PROBLEM TO WORK ON:
Set down the entries again word for word, without any of the images.

Saved entries:
------------------------------------
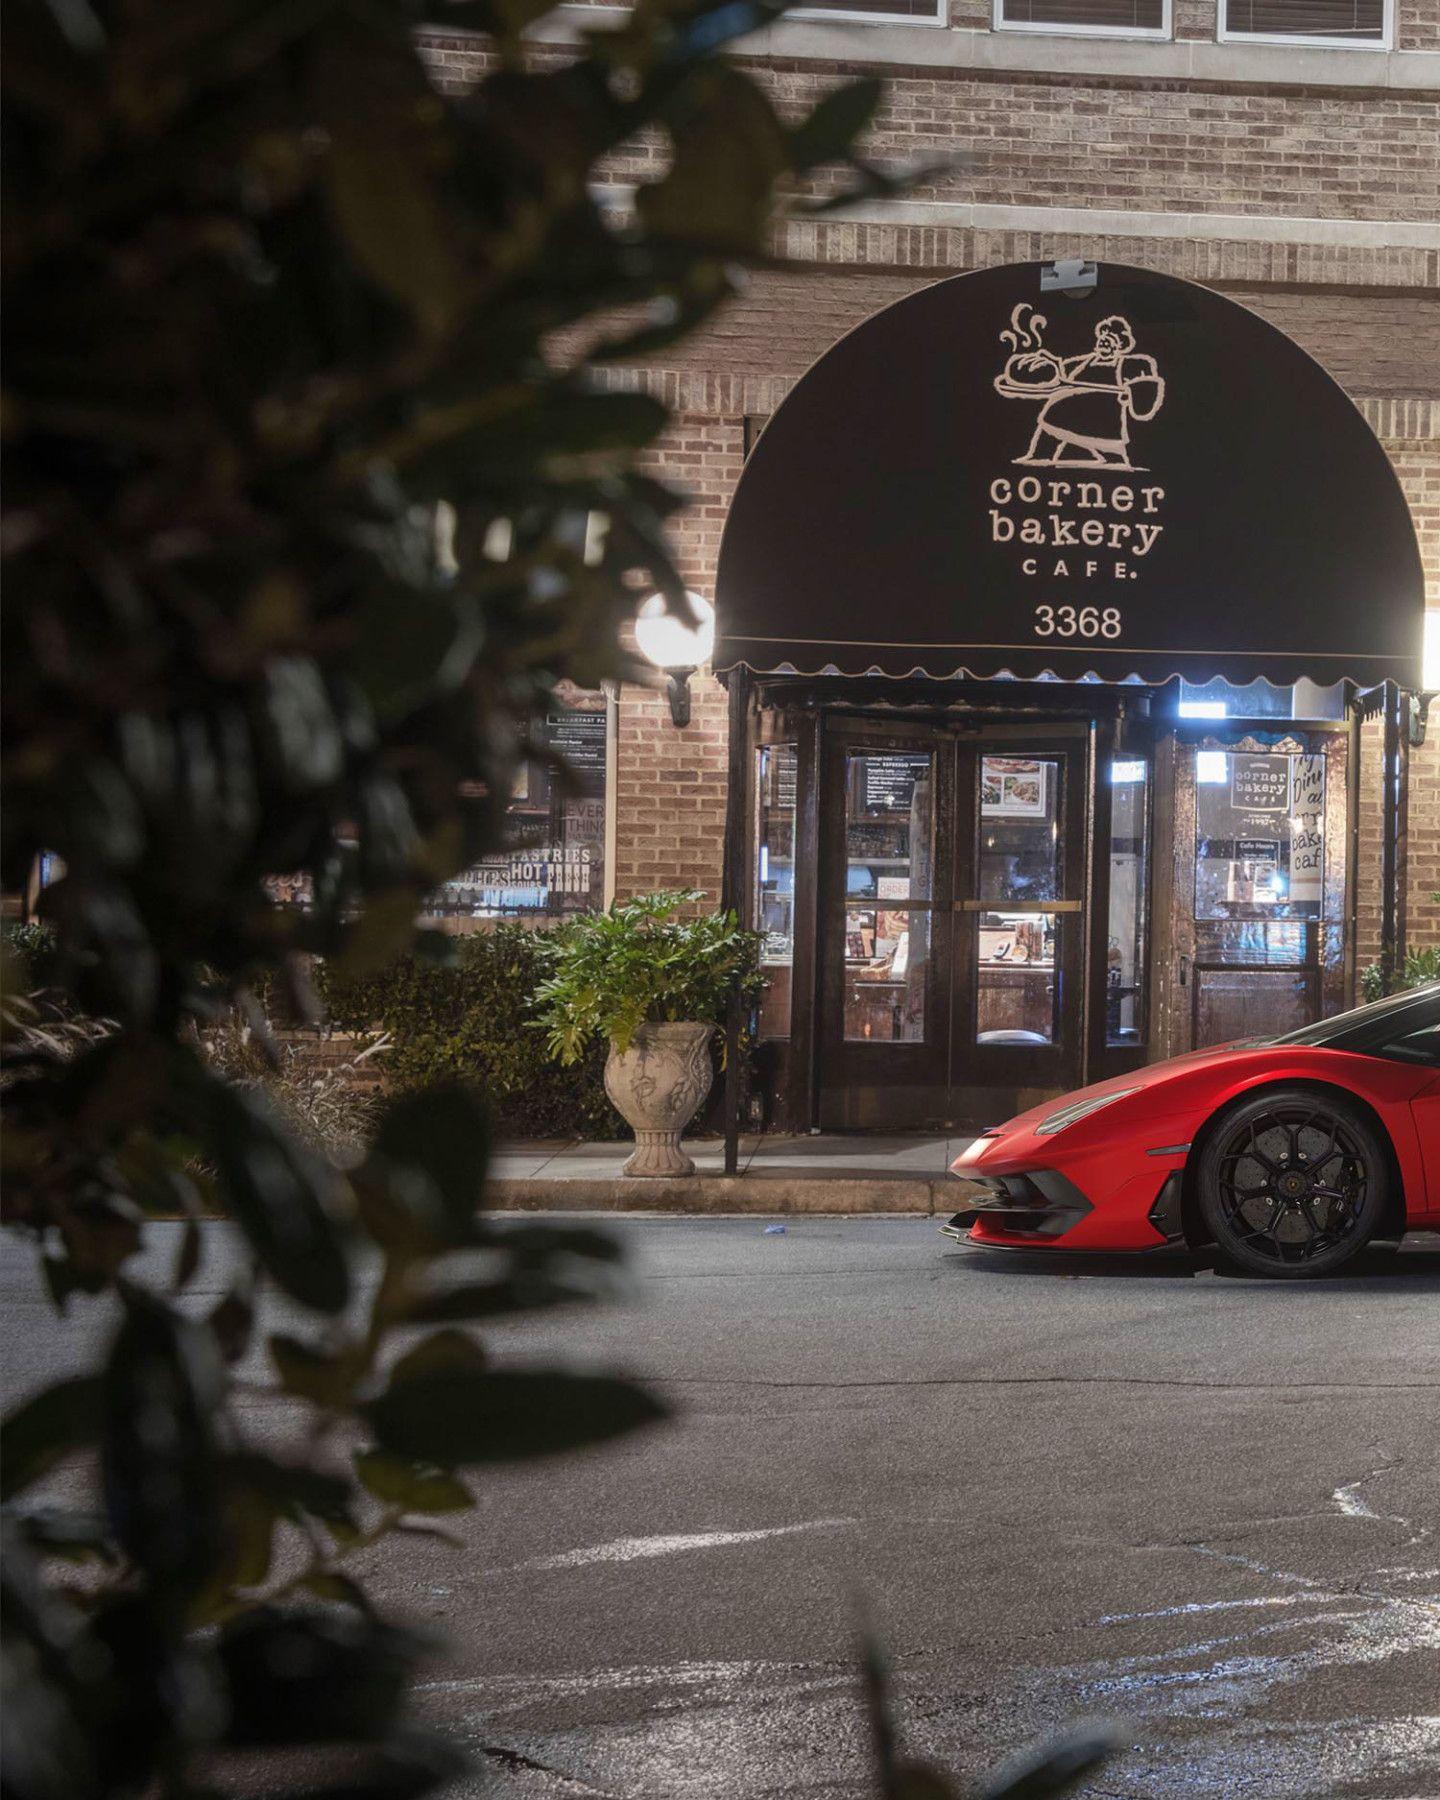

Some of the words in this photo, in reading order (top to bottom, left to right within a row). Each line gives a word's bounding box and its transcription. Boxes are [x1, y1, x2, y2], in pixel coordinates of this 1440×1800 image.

[990, 476, 1165, 513] corner
[989, 509, 1164, 556] bakery
[1034, 604, 1122, 639] 3368
[1236, 781, 1286, 795] bakery
[511, 863, 542, 880] HOT
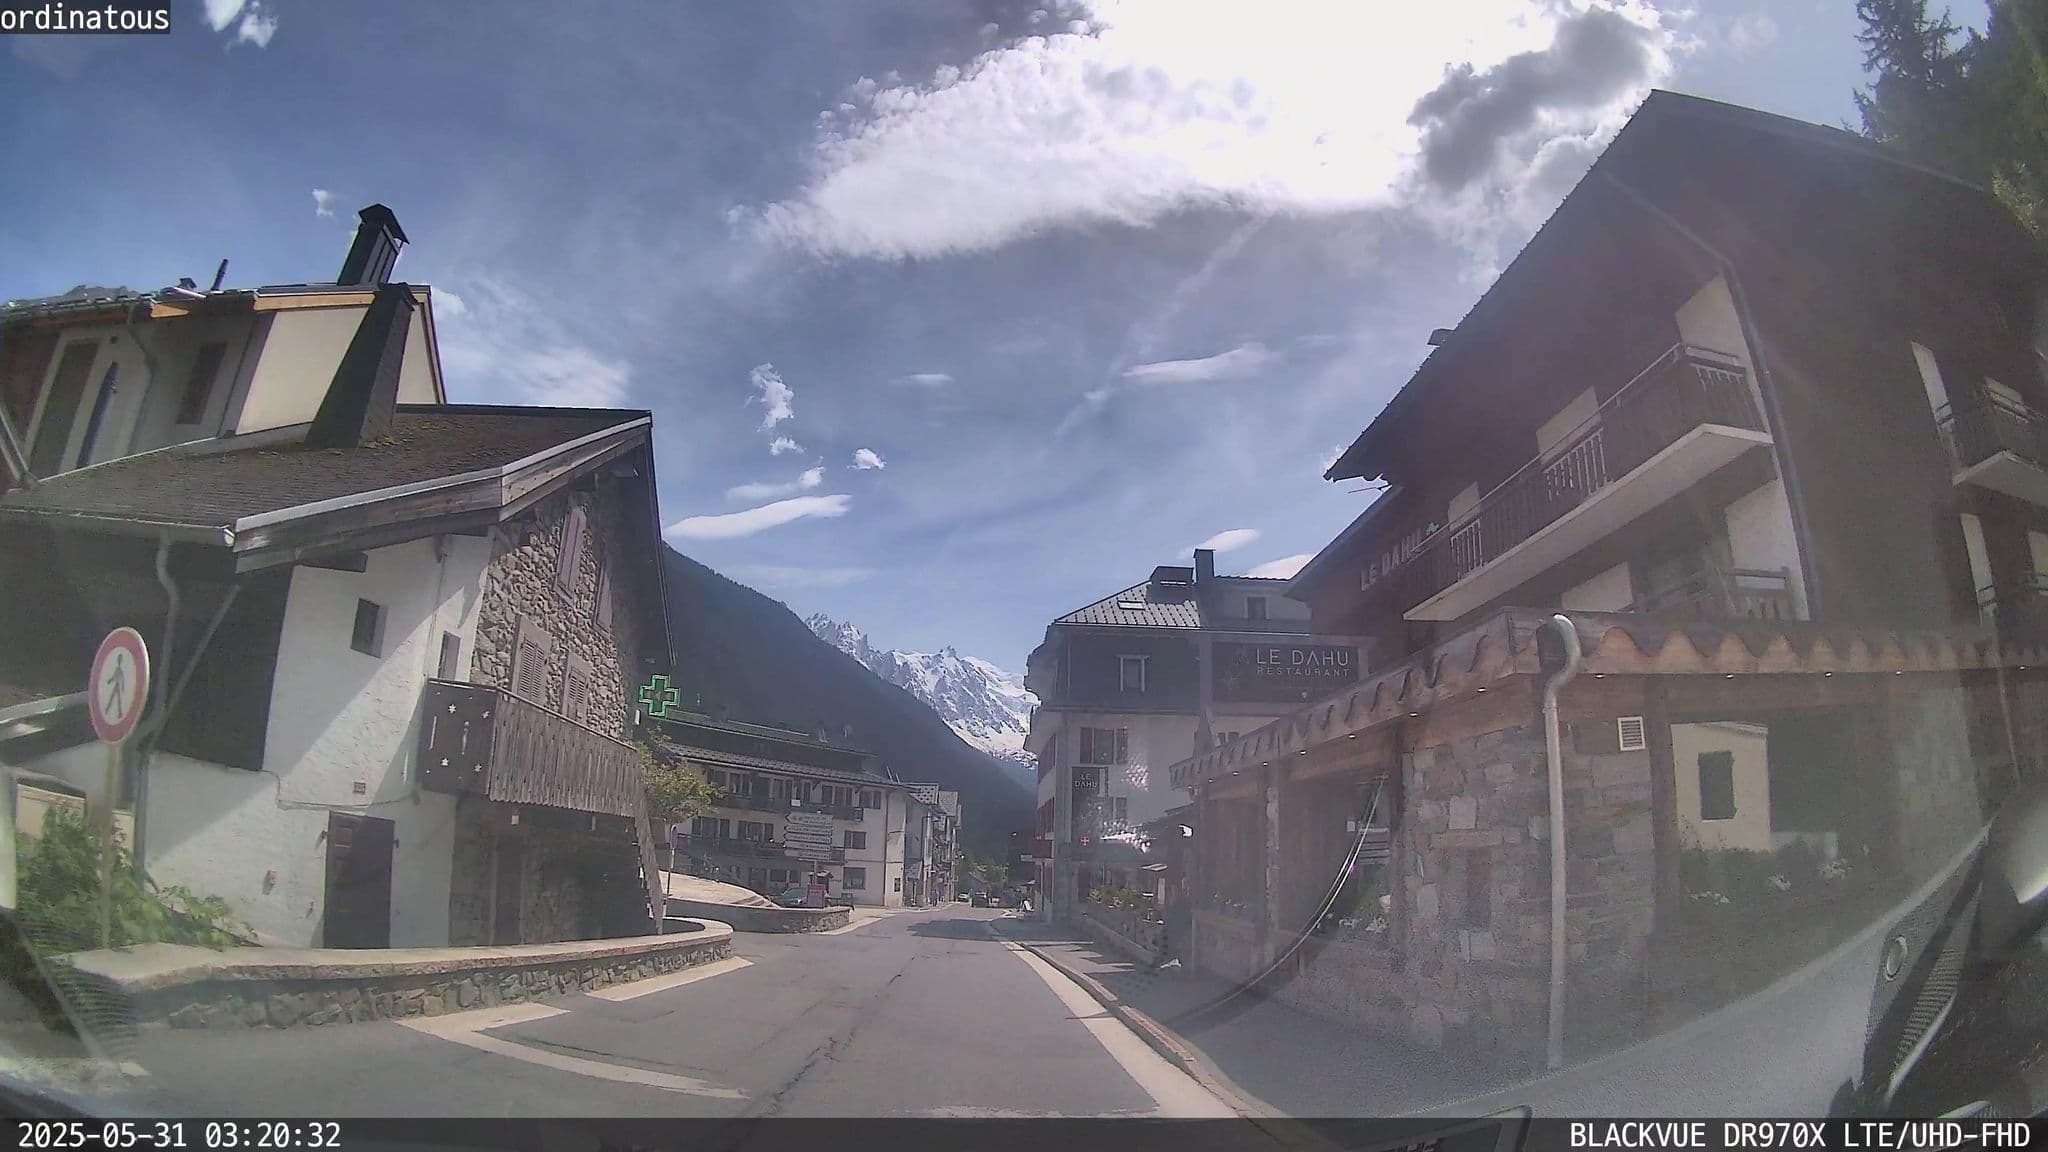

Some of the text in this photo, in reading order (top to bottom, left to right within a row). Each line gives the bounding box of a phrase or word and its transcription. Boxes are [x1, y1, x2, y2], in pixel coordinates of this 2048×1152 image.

[1361, 562, 1377, 592] LE
[1256, 647, 1348, 666] LE DAHU
[1256, 666, 1350, 677] RESTAURANT
[1074, 780, 1097, 788] DAHU
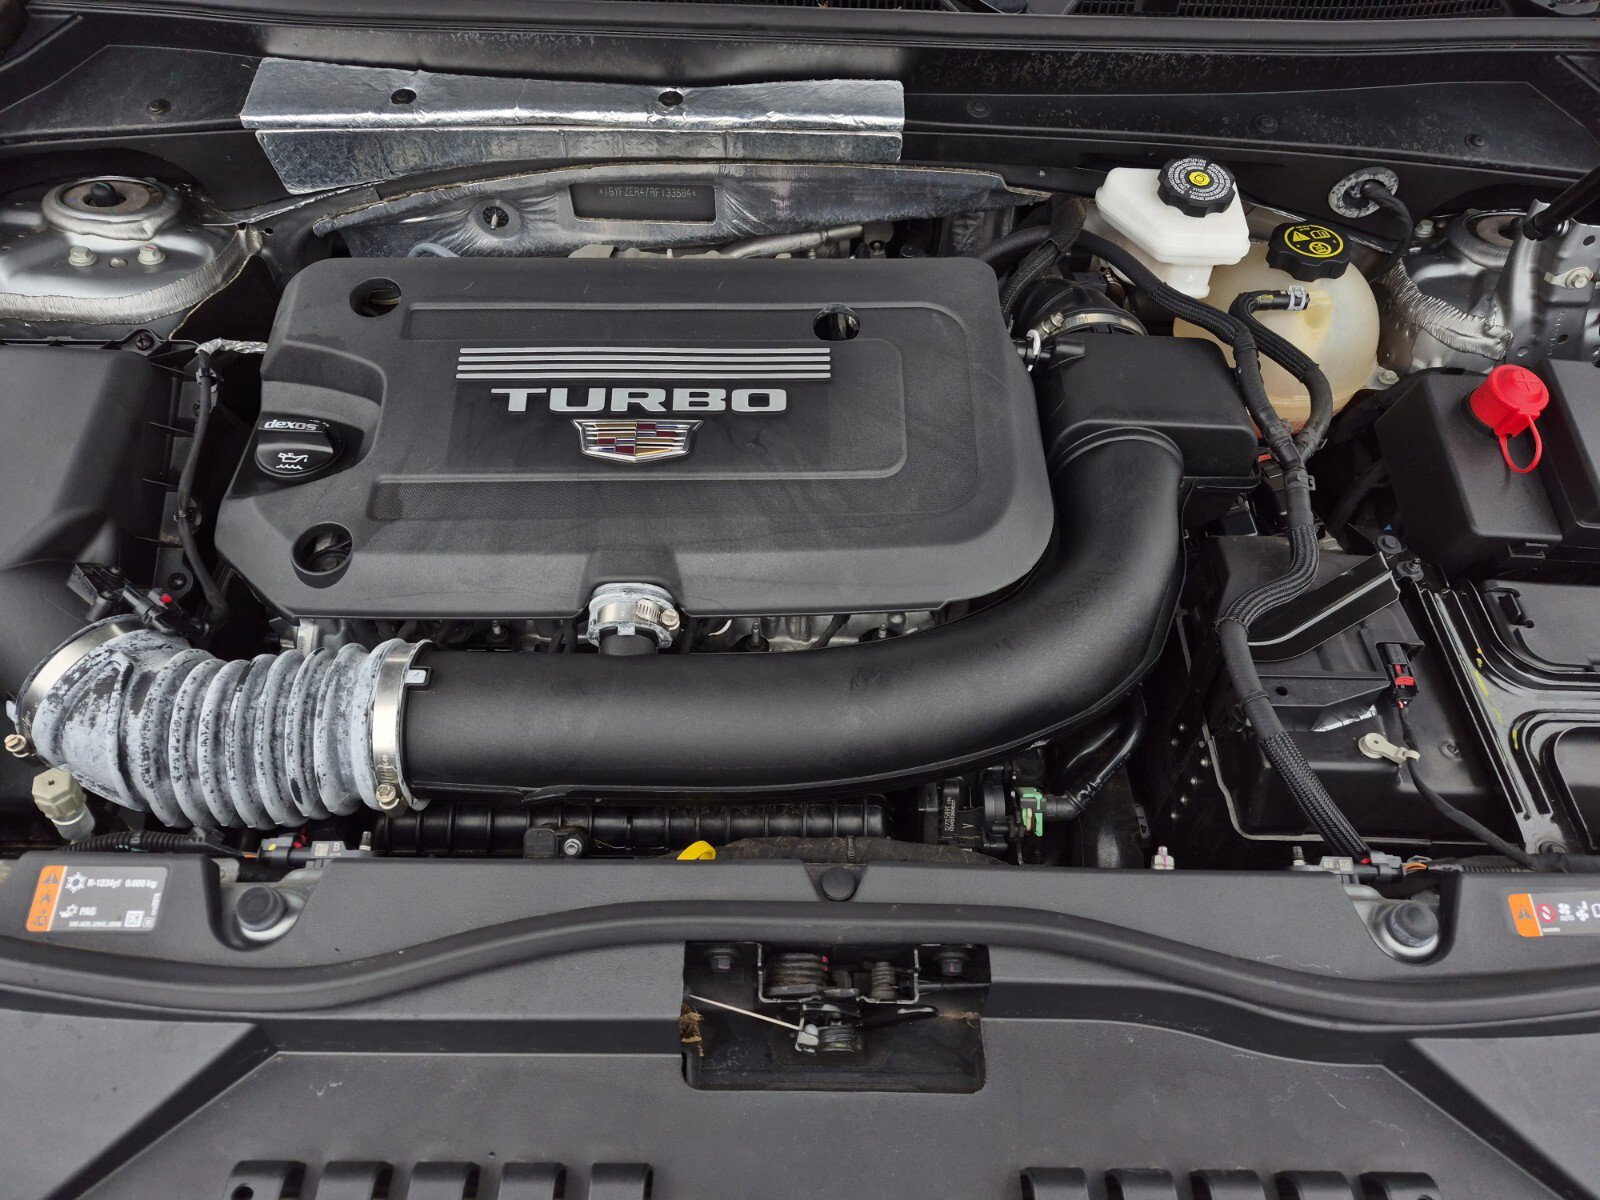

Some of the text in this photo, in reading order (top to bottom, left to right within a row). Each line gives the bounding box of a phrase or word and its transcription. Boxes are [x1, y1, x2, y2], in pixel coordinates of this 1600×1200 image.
------------------------------------
EXERCISE OUTPUT:
Some of the words in this photo, in reading order (top to bottom, left to right within a row). Each line gives a word's bounding box and its transcription. Boxes are [x1, y1, x2, y2], in pixel coordinates of this 1440×1800 image.

[990, 476, 1165, 513] corner
[989, 509, 1164, 556] bakery
[1034, 604, 1122, 639] 3368
[1236, 781, 1286, 795] bakery
[511, 863, 542, 880] HOT

Some of the text in this photo, in reading order (top to bottom, left to right within a row). Each line gives the bounding box of a phrase or word and its transcription. Boxes are [x1, y1, x2, y2], in pixel coordinates of this 2048×1152 image.

[1361, 562, 1377, 592] LE
[1256, 647, 1348, 666] LE DAHU
[1256, 666, 1350, 677] RESTAURANT
[1074, 780, 1097, 788] DAHU

Some of the text in this photo, in reading order (top to bottom, left to right within a row). Each line gives the bounding box of a phrase or word and its transcription. Boxes are [x1, y1, x2, y2], in pixel coordinates of this 1600×1200 image.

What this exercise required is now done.